Spammers often try to trick filters special characters, misspelled words or hidden text, relying on the human propensity to forgive minor text inaccuracies – e.g. “c1îck h.ere n0w.” But as AI gets better at understanding spam messages, filters can get better at identifying and blocking unwanted spam — and maybe even letting through wanted spam, such as marketing email you’ve explicitly opted in to. Imagine a filter that predicts whether you want to read an email before reading it.

Despite growing concerns about AI – as evidenced by Elon Musk, CEO of Tesla, SpaceX and Twitter, Apple founder Steve Wozniak and other technology leaders calling for a break in the development of AI – much good can come from advances in technology.
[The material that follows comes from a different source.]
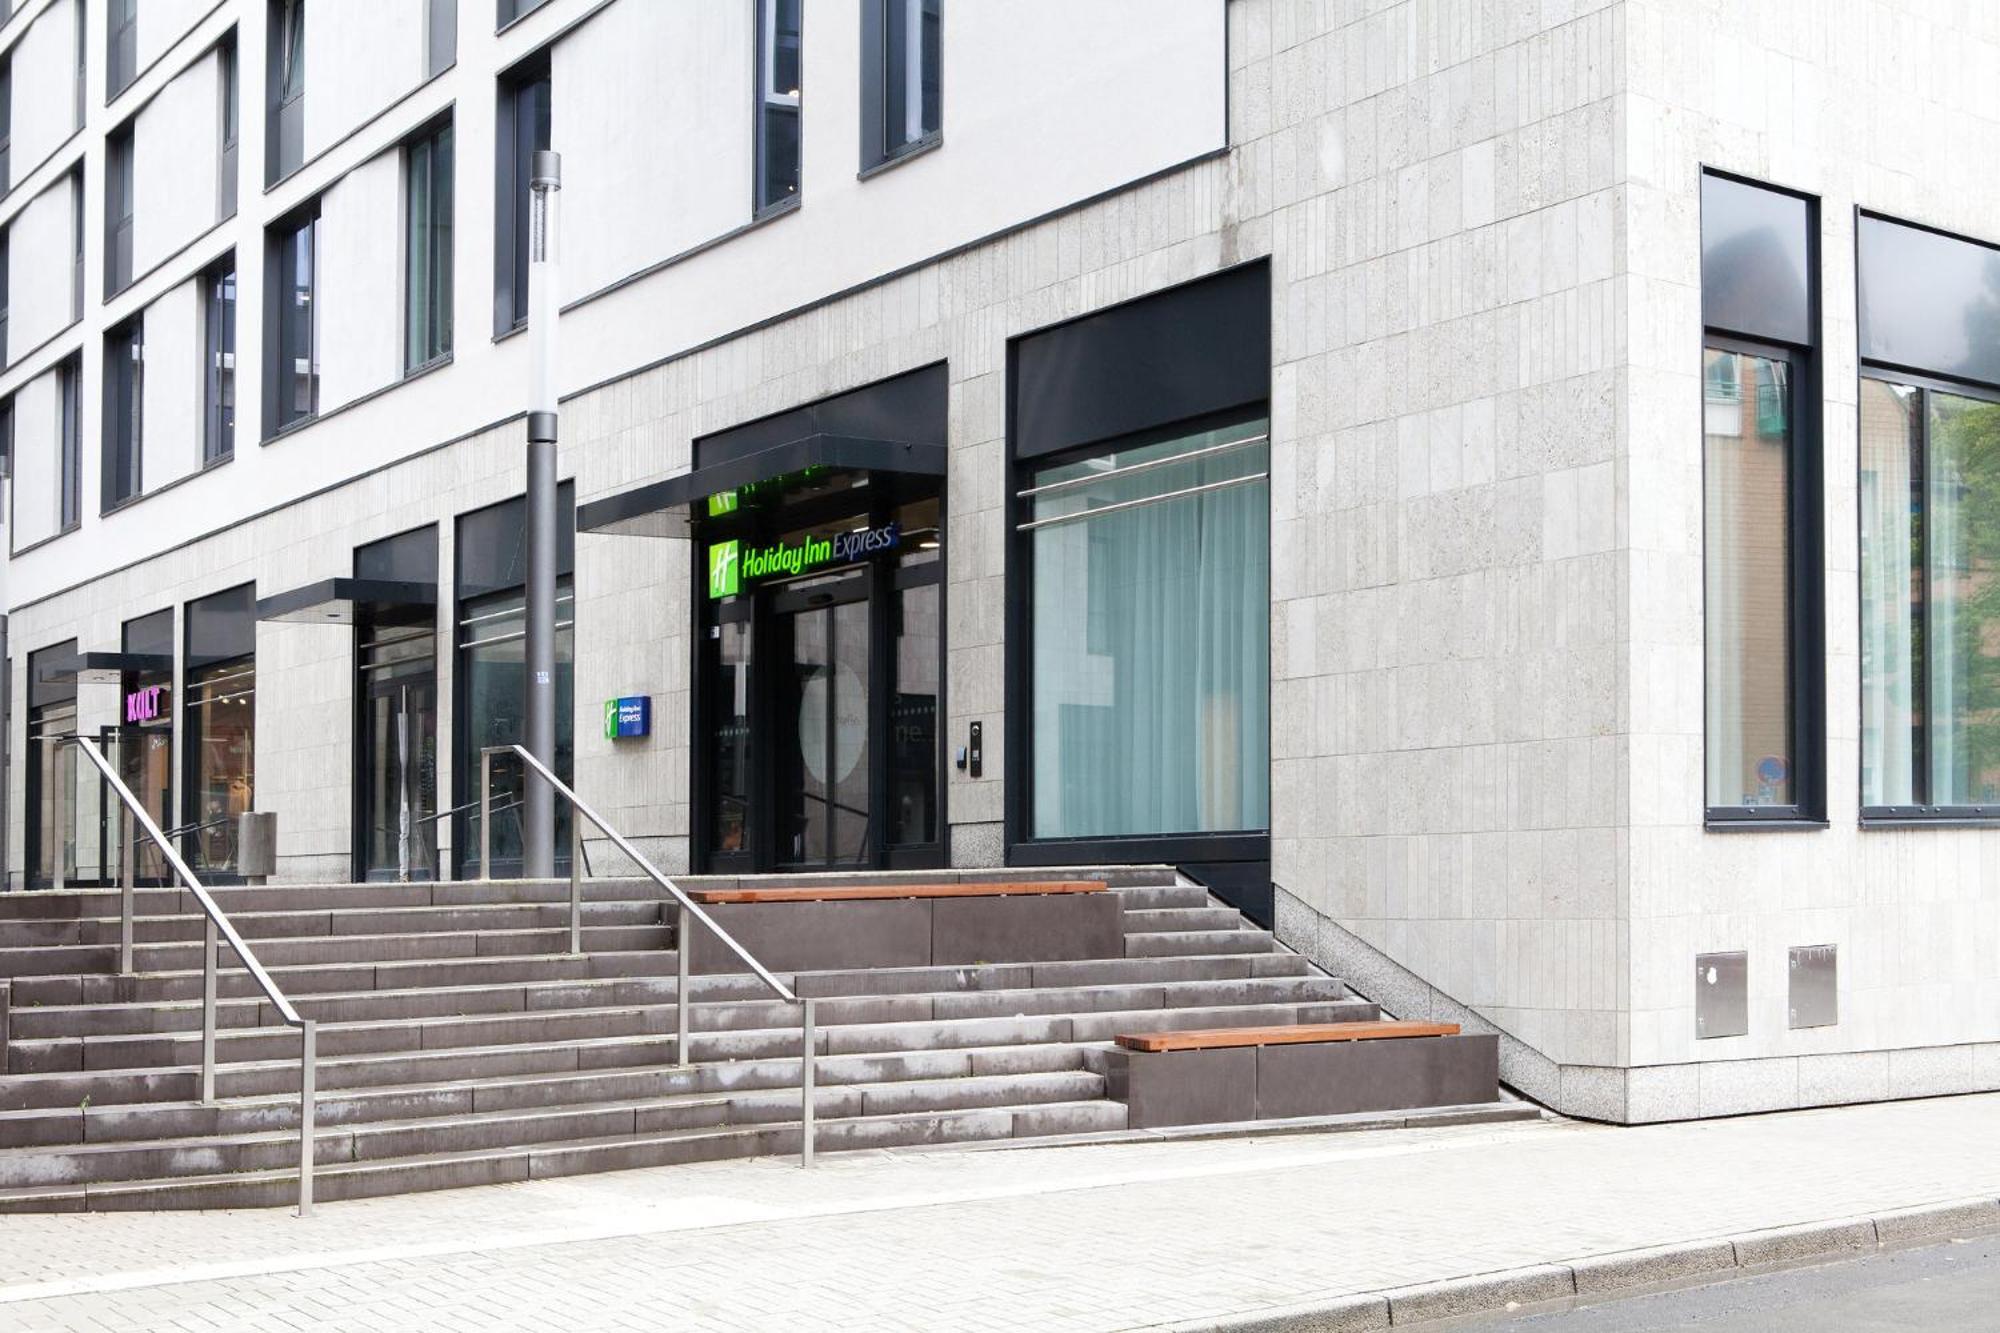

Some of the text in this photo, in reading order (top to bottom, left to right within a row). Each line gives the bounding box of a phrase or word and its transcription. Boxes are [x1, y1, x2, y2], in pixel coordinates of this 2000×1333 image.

[743, 541, 801, 578] Holiday
[804, 535, 830, 565] Inn
[834, 523, 893, 560] Express
[127, 685, 160, 722] KULT
AI can help us understand how weaknesses in human reasoning can be exploited by bad actors and devise ways to counter malicious activity.

All new technologies can be astonishing as well as dangerous. The difference lies in who creates and manages the tools, and how they are used.

This article has been updated to reflect that it was a teen’s father who learned from Target that his daughter was pregnant.The conversation

This article has been republished from The conversation under a Creative Commons license. Read the original article.


Shreya has been with australiabusinessblog.com for 3 years, writing copy for client websites, blog posts, EDMs and other mediums to engage readers and encourage action. By collaborating with clients, our SEO manager and the wider australiabusinessblog.com, Shreya seeks to understand an audience before creating memorable, persuasive copy.